Start of Block

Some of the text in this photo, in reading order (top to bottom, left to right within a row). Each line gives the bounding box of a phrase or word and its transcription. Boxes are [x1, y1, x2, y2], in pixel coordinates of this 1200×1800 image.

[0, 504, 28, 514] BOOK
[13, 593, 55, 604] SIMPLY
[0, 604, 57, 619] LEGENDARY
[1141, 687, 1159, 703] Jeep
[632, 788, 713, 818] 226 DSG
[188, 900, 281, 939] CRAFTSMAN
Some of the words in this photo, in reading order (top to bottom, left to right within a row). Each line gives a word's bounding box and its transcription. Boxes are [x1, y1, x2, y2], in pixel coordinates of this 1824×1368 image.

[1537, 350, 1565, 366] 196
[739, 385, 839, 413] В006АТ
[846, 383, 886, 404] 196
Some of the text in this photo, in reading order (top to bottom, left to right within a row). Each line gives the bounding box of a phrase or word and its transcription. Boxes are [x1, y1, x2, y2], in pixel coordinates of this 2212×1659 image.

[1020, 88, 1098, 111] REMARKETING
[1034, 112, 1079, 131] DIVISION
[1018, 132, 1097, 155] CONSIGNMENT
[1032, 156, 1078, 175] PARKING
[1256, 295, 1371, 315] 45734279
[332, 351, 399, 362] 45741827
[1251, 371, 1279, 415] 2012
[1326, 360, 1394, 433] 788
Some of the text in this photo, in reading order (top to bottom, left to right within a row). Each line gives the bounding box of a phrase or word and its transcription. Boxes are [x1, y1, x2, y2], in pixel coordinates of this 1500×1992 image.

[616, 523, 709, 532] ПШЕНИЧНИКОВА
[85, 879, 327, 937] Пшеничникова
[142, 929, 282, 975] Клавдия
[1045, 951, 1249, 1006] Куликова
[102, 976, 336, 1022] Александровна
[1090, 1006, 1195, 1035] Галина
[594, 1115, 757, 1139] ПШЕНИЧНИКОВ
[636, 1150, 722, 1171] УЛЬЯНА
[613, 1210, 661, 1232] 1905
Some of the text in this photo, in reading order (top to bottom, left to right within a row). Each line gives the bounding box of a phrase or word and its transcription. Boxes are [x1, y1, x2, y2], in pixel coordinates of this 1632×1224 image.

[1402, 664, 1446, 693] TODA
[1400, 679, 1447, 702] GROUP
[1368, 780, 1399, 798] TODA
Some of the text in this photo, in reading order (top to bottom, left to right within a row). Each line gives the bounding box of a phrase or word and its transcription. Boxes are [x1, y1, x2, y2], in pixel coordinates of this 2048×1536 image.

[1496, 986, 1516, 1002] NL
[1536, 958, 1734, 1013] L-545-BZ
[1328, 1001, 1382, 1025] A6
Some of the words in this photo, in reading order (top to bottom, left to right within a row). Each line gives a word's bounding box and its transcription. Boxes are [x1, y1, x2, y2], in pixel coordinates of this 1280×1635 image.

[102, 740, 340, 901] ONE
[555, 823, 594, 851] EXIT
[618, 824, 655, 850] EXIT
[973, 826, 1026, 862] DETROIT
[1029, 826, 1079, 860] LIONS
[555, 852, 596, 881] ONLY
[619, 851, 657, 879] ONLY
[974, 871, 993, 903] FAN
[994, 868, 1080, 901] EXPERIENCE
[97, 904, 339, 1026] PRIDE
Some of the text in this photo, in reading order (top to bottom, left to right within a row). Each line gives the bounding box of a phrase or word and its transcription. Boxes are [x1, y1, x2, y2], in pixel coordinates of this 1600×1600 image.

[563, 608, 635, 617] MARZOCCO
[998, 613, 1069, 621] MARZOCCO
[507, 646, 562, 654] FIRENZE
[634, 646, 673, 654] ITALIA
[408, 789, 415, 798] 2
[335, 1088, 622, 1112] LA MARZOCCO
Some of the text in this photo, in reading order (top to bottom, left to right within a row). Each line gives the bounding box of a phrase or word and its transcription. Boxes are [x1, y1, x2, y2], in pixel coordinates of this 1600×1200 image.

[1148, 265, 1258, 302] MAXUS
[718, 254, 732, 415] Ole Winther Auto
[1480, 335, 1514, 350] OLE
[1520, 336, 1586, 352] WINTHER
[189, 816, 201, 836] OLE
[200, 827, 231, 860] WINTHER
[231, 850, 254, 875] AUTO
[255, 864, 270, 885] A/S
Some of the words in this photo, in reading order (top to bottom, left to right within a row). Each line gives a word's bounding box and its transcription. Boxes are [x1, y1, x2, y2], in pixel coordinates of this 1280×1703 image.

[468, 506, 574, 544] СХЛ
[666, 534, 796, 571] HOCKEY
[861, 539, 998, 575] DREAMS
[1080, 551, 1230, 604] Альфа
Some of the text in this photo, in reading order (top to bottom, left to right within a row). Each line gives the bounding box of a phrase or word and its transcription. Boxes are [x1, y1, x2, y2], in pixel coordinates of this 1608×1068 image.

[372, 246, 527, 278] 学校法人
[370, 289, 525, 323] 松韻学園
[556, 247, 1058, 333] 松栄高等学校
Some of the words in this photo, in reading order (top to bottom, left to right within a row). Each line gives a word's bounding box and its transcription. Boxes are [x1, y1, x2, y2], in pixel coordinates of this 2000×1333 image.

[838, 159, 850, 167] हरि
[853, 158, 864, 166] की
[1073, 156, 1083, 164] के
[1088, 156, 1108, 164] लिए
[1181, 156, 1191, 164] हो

End of Block

ABOUT THIS EXERCISE => Write out again exactly the lines that run from the one holding "this 1280×1703 image." through the last line of the data; omit all other lines.

SOLUTION FOR THIS EXERCISE =>
Some of the words in this photo, in reading order (top to bottom, left to right within a row). Each line gives a word's bounding box and its transcription. Boxes are [x1, y1, x2, y2], in pixel coordinates of this 1280×1703 image.

[468, 506, 574, 544] СХЛ
[666, 534, 796, 571] HOCKEY
[861, 539, 998, 575] DREAMS
[1080, 551, 1230, 604] Альфа
Some of the text in this photo, in reading order (top to bottom, left to right within a row). Each line gives the bounding box of a phrase or word and its transcription. Boxes are [x1, y1, x2, y2], in pixel coordinates of this 1608×1068 image.

[372, 246, 527, 278] 学校法人
[370, 289, 525, 323] 松韻学園
[556, 247, 1058, 333] 松栄高等学校
Some of the words in this photo, in reading order (top to bottom, left to right within a row). Each line gives a word's bounding box and its transcription. Boxes are [x1, y1, x2, y2], in pixel coordinates of this 2000×1333 image.

[838, 159, 850, 167] हरि
[853, 158, 864, 166] की
[1073, 156, 1083, 164] के
[1088, 156, 1108, 164] लिए
[1181, 156, 1191, 164] हो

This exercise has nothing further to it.